SAN FRANCISCO — Mark Zuckerberg condemned the actions of white supremacists at last weekend's deadly rally in Charlottesville, Va., pledging to remove any threats of physical harm made on Facebook.
"With the potential for more rallies, we're watching the situation closely," the Facebook CEO wrote in a post on his Facebook page. "We won't always be perfect, but you have my commitment that we'll keep working to make Facebook a place where everyone can feel safe."
Facebook has frequently been criticized for being too slow to remove hate speech. But the Silicon Valley company is "better than most of the tech companies in removing explicitly racist material," says Heidi Beirich of the Southern Poverty Law Center, which monitors hate groups.
After Charlottesville, Facebook took down pages belonging to white supremacist groups including White Nationalists United, Right Wing Death Squad and Vanguard America.
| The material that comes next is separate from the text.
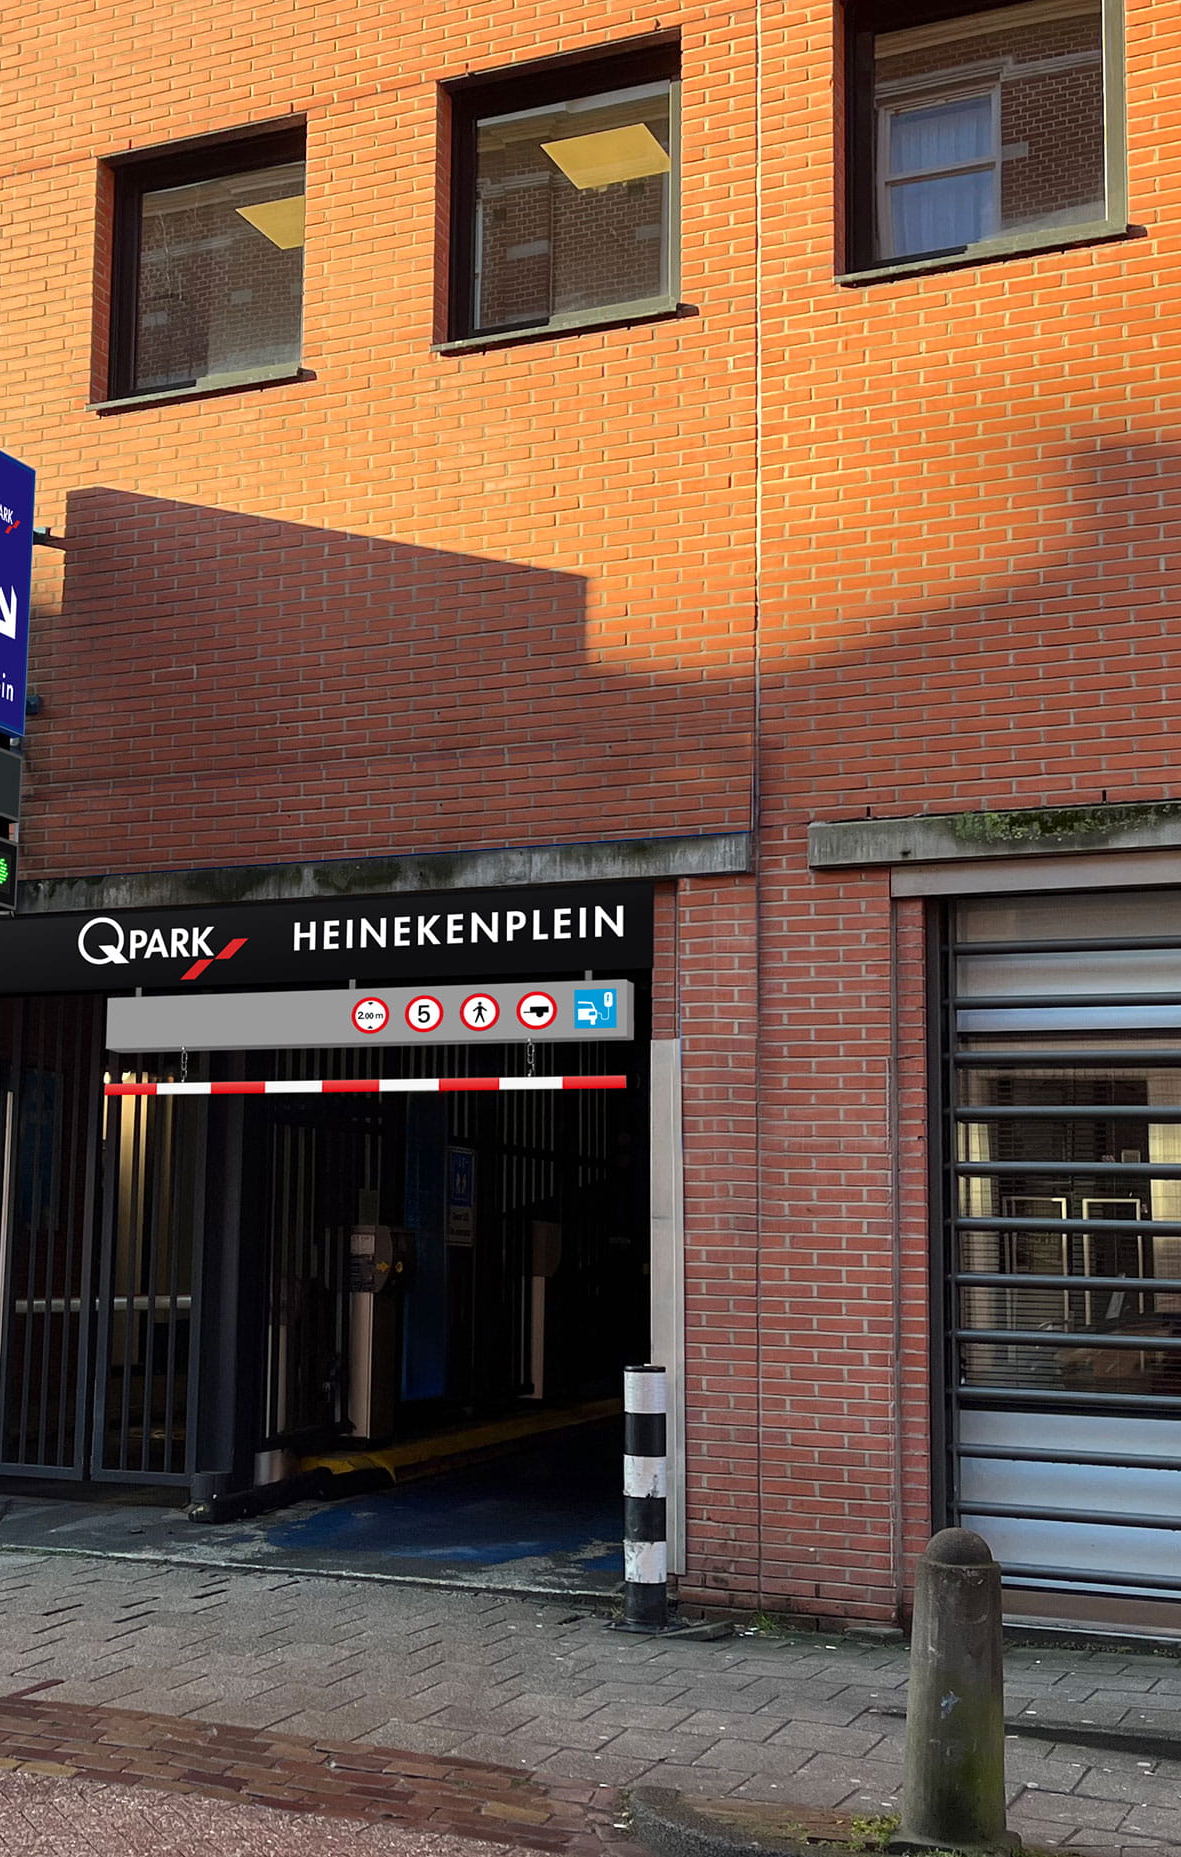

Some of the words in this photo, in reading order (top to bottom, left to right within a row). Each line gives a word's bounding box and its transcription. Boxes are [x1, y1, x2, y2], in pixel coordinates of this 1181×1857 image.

[292, 904, 625, 953] HEINEKENPLEIN
[357, 1011, 374, 1020] 2.00
[417, 1004, 431, 1024] 5
"We've just had a really productive conversation with Facebook," she said. "A lot of neo-Nazis have abandoned Facebook. They are much more responsive and they have told us they are going to redouble their efforts."
Zuckerberg’s post came days after a white supremacist rally in Charlottesville turned deadly, killing one and injuring 19, and as other tech companies crack down on neo-Nazi and white supremacist groups on their platforms.
His Facebook post appeared to also take aim at President Trump's controversial statements casting blame for the violence in Charlottesville on "both sides."
“It's a disgrace that we still need to say that neo-Nazis and white supremacists are wrong — as if this is somehow not obvious," Zuckerberg wrote.